Through that deformed child, the pastor and his wife learned the value of every human life. They have treated their child with great dignity, and it led them and their church to a ministry of rescuing and raising other disabled children. Abandoning babies (especially disabled ones) in dumpsters or back alleys is a huge problem in South Korea, so the church created a Drop Box—an incubated receptacle where desperate mothers can anonymously place their baby, who is then transported through the exterior wall and into the shelter of the church. Thus the disabled orphans are given a chance in life and raised in love. At the time The Drop Box was filmed, 500 babies had been saved in this way, and many of them have grown to be well-adjusted members of society. All this goodness came about because of one child whom God allowed to be born with such severe disadvantages.
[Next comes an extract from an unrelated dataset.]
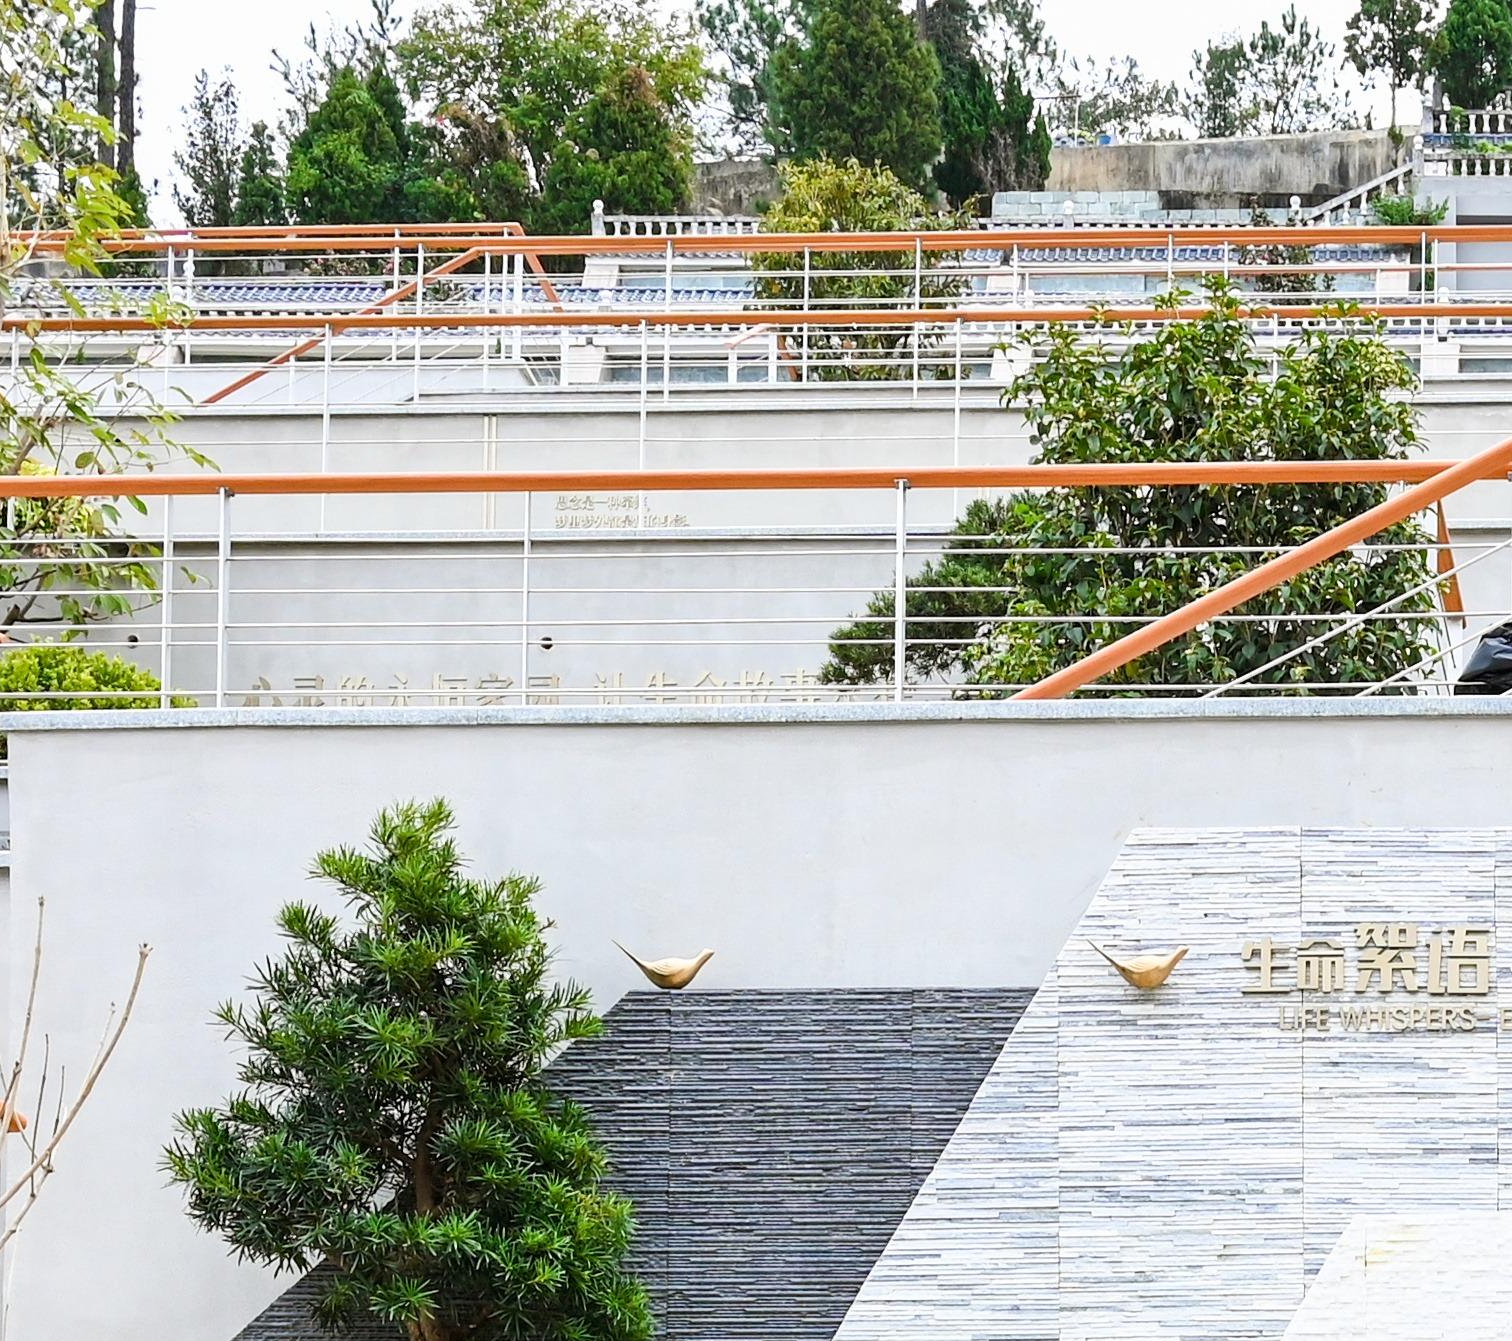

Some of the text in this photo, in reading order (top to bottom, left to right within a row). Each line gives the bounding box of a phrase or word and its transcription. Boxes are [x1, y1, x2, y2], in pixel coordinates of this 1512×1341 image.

[1241, 923, 1491, 996] 生命絮语
[1279, 1004, 1331, 1032] LIFE
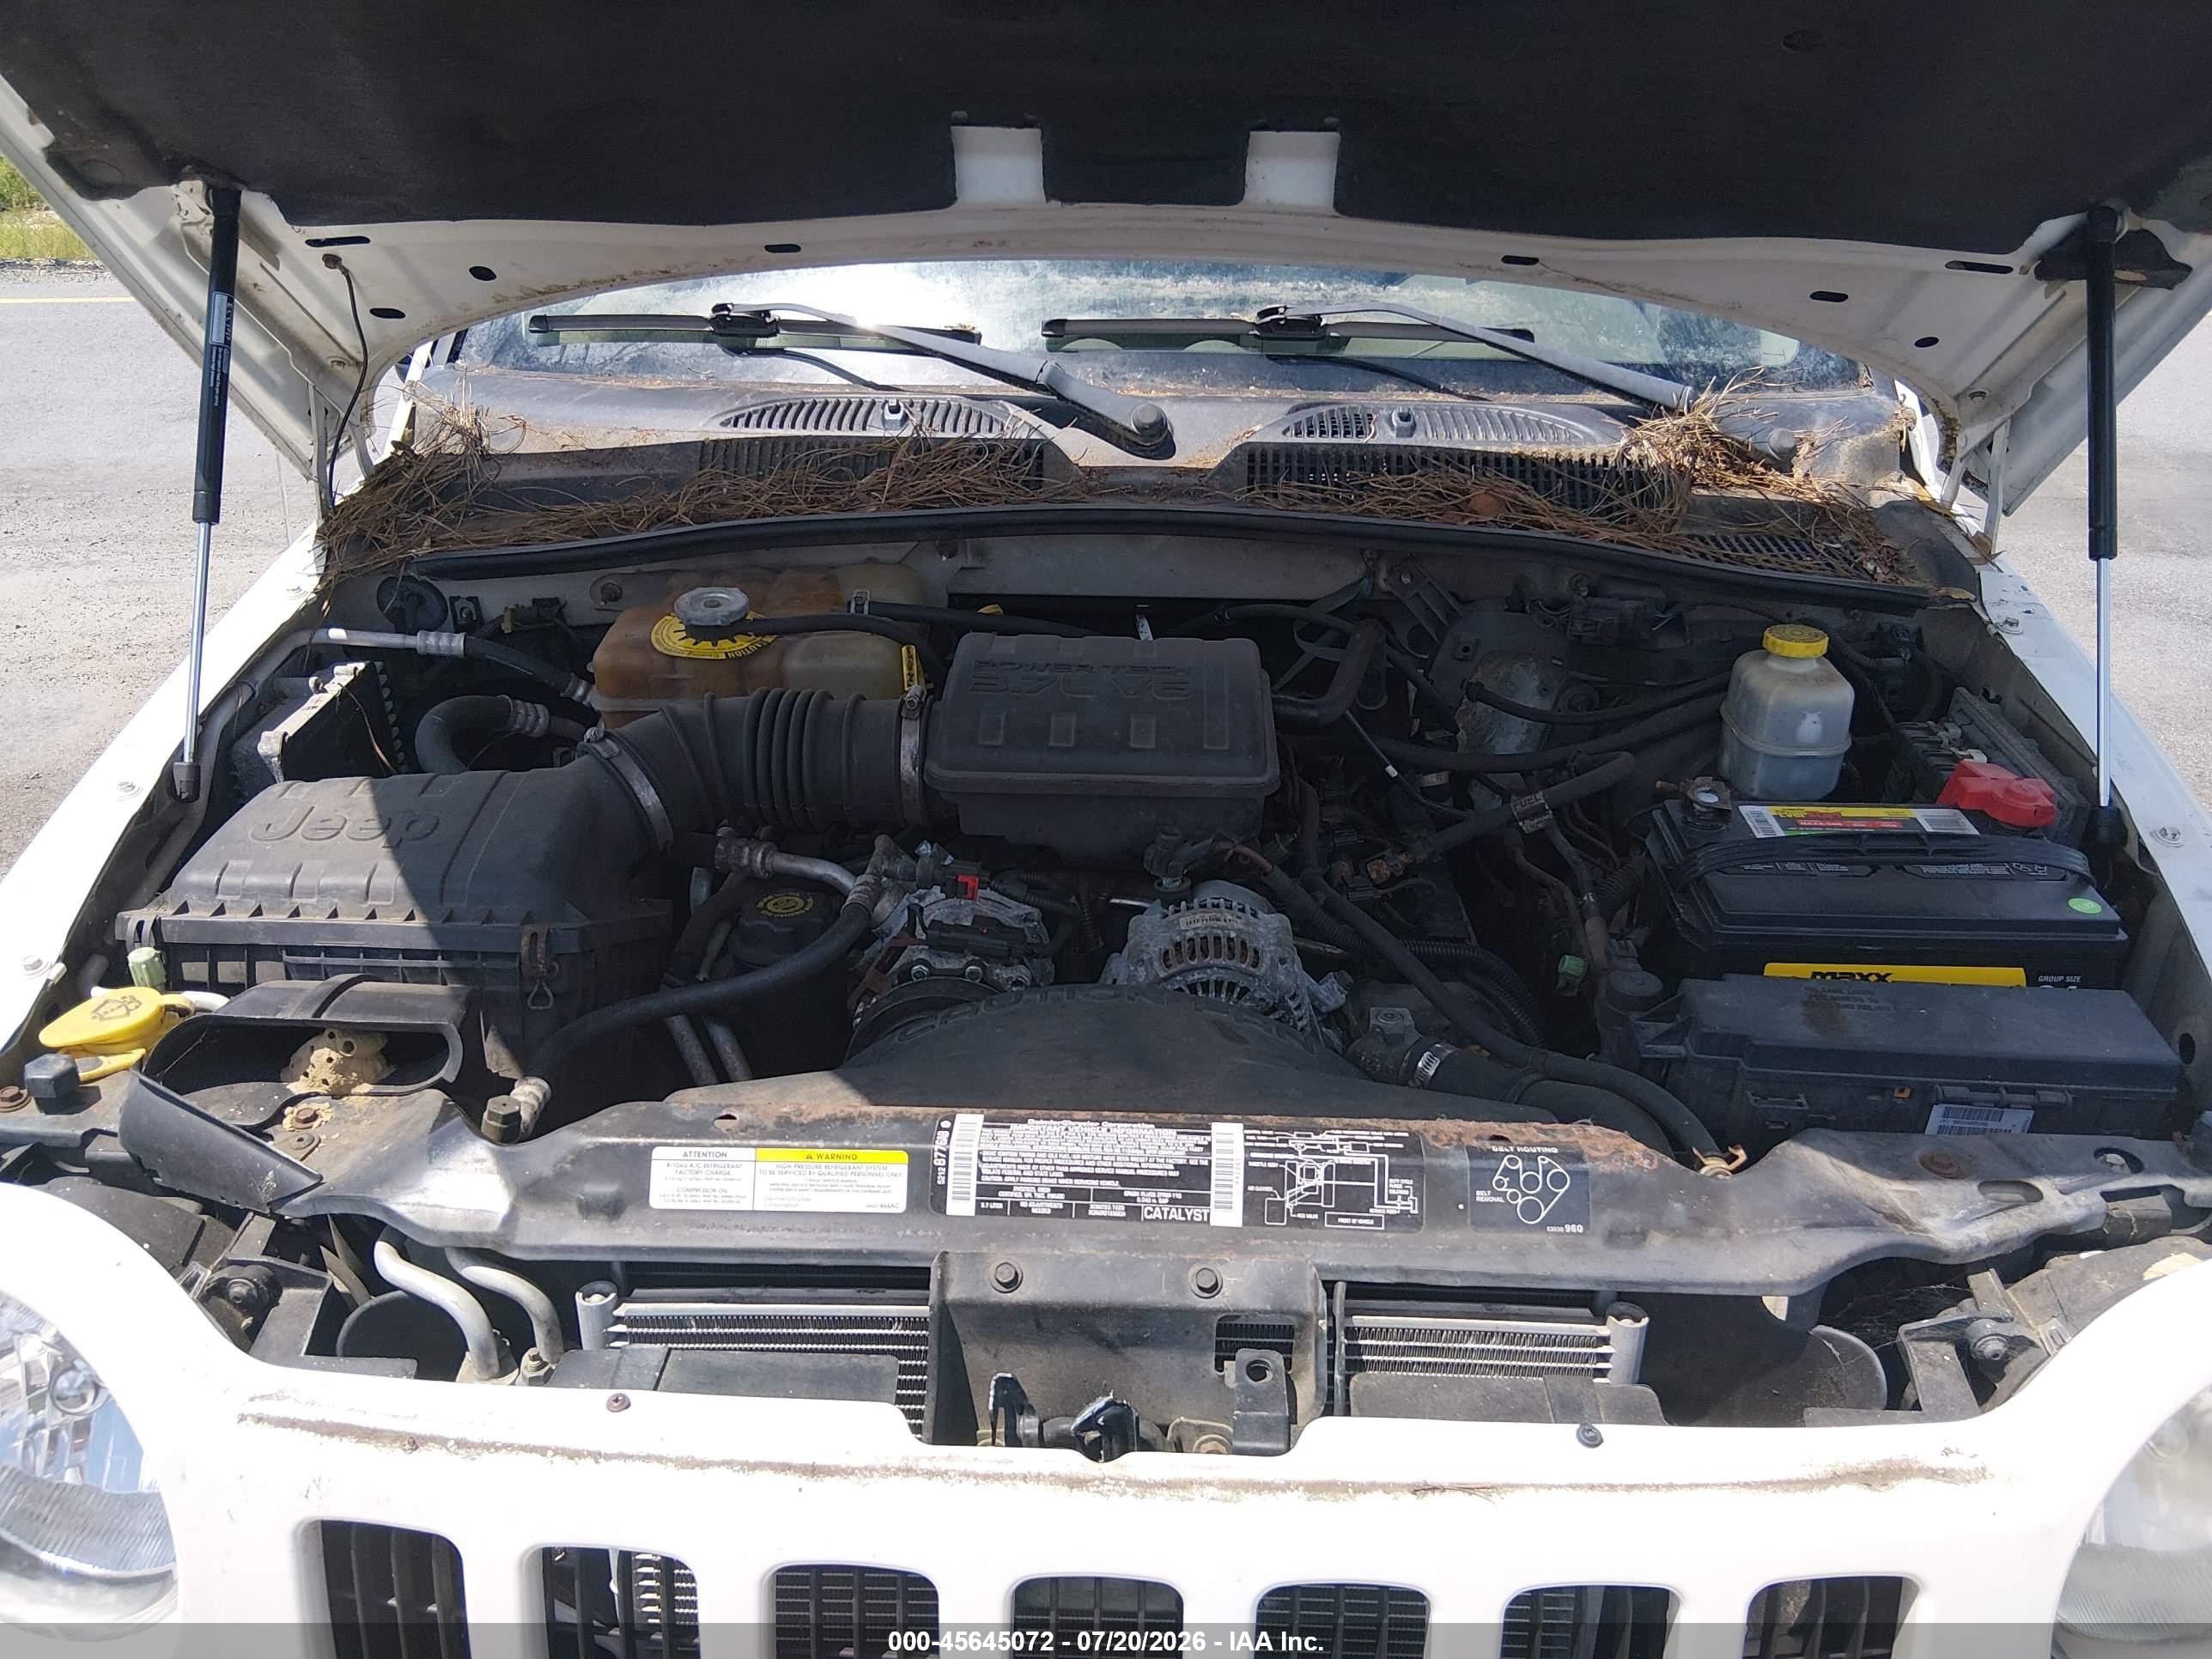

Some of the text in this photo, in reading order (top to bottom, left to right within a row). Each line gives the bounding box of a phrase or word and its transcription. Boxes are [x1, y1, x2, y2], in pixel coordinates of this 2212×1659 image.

The Bible never explains why there is disease, inequity, and unfairness in this world. It is a broken, fallen world. But God is calling those of us who have received God’s mercy to show God’s mercy to others. The weakness we see in others should soften our hearts with compassion and draw us to their aid, and the weakness we see in ourselves should humble our pride and draw us to receiving help from others. God wants the weak, fragile pottery of this world to teach compassion to society, and God wants the seeming objects of wrath to be honored through the ministry of objects of mercy. And in this way God not only brings a broken world back together but also, in the process, weaves a beautiful tapestry out of the glorious and inglorious parts of our humanity.
Abba Father, Thou art the Potter, We are the clay. May we be content with our created limitations; strengthen us with Thy mercy where we are insufficient. And lead us also to others, especially the weaker vessels of Thy Creation, that the mercy we show them may bring glory to Thee. Mold us and fashion us all into the image of Jesus Thy Son. Amen.